Dataset entries:
*** Begin section ***

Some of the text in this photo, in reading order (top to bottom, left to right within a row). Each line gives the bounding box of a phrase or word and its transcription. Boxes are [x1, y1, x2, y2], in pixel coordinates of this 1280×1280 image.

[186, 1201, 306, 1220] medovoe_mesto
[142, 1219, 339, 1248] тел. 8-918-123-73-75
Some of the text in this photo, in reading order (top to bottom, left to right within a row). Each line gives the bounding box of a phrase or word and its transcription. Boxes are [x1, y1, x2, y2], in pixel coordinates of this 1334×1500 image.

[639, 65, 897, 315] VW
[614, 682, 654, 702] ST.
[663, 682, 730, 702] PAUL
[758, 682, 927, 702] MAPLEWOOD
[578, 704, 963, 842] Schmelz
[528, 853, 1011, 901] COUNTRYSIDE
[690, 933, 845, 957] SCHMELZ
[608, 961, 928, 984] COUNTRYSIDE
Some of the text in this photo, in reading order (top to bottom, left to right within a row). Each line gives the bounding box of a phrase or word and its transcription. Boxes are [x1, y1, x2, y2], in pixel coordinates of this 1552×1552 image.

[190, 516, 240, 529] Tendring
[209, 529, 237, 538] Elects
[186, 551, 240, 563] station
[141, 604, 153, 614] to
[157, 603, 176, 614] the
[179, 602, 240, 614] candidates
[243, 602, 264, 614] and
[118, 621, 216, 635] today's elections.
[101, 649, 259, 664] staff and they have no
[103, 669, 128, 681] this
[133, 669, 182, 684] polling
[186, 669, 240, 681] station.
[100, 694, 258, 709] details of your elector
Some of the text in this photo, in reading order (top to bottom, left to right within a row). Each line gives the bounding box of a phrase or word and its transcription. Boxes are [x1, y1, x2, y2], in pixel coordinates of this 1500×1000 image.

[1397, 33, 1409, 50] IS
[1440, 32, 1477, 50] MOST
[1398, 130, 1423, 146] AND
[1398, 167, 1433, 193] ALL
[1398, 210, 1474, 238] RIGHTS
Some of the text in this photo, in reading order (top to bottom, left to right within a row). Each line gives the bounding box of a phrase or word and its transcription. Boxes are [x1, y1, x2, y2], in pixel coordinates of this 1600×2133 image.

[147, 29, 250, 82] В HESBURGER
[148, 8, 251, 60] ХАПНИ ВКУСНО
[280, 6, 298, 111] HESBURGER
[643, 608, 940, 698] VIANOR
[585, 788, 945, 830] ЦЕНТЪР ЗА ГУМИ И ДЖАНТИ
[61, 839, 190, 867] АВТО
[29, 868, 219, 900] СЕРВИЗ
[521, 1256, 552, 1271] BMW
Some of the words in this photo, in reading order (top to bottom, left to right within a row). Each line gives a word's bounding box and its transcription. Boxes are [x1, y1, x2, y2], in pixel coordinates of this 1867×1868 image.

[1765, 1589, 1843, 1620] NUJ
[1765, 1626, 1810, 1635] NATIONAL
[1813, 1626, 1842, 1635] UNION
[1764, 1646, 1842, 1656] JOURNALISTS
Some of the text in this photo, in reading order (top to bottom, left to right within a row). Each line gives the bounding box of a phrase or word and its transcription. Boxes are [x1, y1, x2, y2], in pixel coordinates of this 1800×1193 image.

*** End section ***

- Prompt -
The entries above are to be retyped exactly, with nothing left out.

- Expected output -
Some of the text in this photo, in reading order (top to bottom, left to right within a row). Each line gives the bounding box of a phrase or word and its transcription. Boxes are [x1, y1, x2, y2], in pixel coordinates of this 1280×1280 image.

[186, 1201, 306, 1220] medovoe_mesto
[142, 1219, 339, 1248] тел. 8-918-123-73-75
Some of the text in this photo, in reading order (top to bottom, left to right within a row). Each line gives the bounding box of a phrase or word and its transcription. Boxes are [x1, y1, x2, y2], in pixel coordinates of this 1334×1500 image.

[639, 65, 897, 315] VW
[614, 682, 654, 702] ST.
[663, 682, 730, 702] PAUL
[758, 682, 927, 702] MAPLEWOOD
[578, 704, 963, 842] Schmelz
[528, 853, 1011, 901] COUNTRYSIDE
[690, 933, 845, 957] SCHMELZ
[608, 961, 928, 984] COUNTRYSIDE
Some of the text in this photo, in reading order (top to bottom, left to right within a row). Each line gives the bounding box of a phrase or word and its transcription. Boxes are [x1, y1, x2, y2], in pixel coordinates of this 1552×1552 image.

[190, 516, 240, 529] Tendring
[209, 529, 237, 538] Elects
[186, 551, 240, 563] station
[141, 604, 153, 614] to
[157, 603, 176, 614] the
[179, 602, 240, 614] candidates
[243, 602, 264, 614] and
[118, 621, 216, 635] today's elections.
[101, 649, 259, 664] staff and they have no
[103, 669, 128, 681] this
[133, 669, 182, 684] polling
[186, 669, 240, 681] station.
[100, 694, 258, 709] details of your elector
Some of the text in this photo, in reading order (top to bottom, left to right within a row). Each line gives the bounding box of a phrase or word and its transcription. Boxes are [x1, y1, x2, y2], in pixel coordinates of this 1500×1000 image.

[1397, 33, 1409, 50] IS
[1440, 32, 1477, 50] MOST
[1398, 130, 1423, 146] AND
[1398, 167, 1433, 193] ALL
[1398, 210, 1474, 238] RIGHTS
Some of the text in this photo, in reading order (top to bottom, left to right within a row). Each line gives the bounding box of a phrase or word and its transcription. Boxes are [x1, y1, x2, y2], in pixel coordinates of this 1600×2133 image.

[147, 29, 250, 82] В HESBURGER
[148, 8, 251, 60] ХАПНИ ВКУСНО
[280, 6, 298, 111] HESBURGER
[643, 608, 940, 698] VIANOR
[585, 788, 945, 830] ЦЕНТЪР ЗА ГУМИ И ДЖАНТИ
[61, 839, 190, 867] АВТО
[29, 868, 219, 900] СЕРВИЗ
[521, 1256, 552, 1271] BMW
Some of the words in this photo, in reading order (top to bottom, left to right within a row). Each line gives a word's bounding box and its transcription. Boxes are [x1, y1, x2, y2], in pixel coordinates of this 1867×1868 image.

[1765, 1589, 1843, 1620] NUJ
[1765, 1626, 1810, 1635] NATIONAL
[1813, 1626, 1842, 1635] UNION
[1764, 1646, 1842, 1656] JOURNALISTS
Some of the text in this photo, in reading order (top to bottom, left to right within a row). Each line gives the bounding box of a phrase or word and its transcription. Boxes are [x1, y1, x2, y2], in pixel coordinates of this 1800×1193 image.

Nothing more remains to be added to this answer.